#### Your goal:
Only an exact, line-for-line copy of the data will serve as the answer.

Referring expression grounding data

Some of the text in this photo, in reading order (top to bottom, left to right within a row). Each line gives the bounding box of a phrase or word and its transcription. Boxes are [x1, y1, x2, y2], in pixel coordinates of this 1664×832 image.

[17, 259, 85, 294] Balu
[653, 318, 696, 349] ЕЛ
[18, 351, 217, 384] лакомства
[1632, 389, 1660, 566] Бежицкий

#### Problem solution:
Some of the text in this photo, in reading order (top to bottom, left to right within a row). Each line gives the bounding box of a phrase or word and its transcription. Boxes are [x1, y1, x2, y2], in pixel coordinates of this 1664×832 image.

[17, 259, 85, 294] Balu
[653, 318, 696, 349] ЕЛ
[18, 351, 217, 384] лакомства
[1632, 389, 1660, 566] Бежицкий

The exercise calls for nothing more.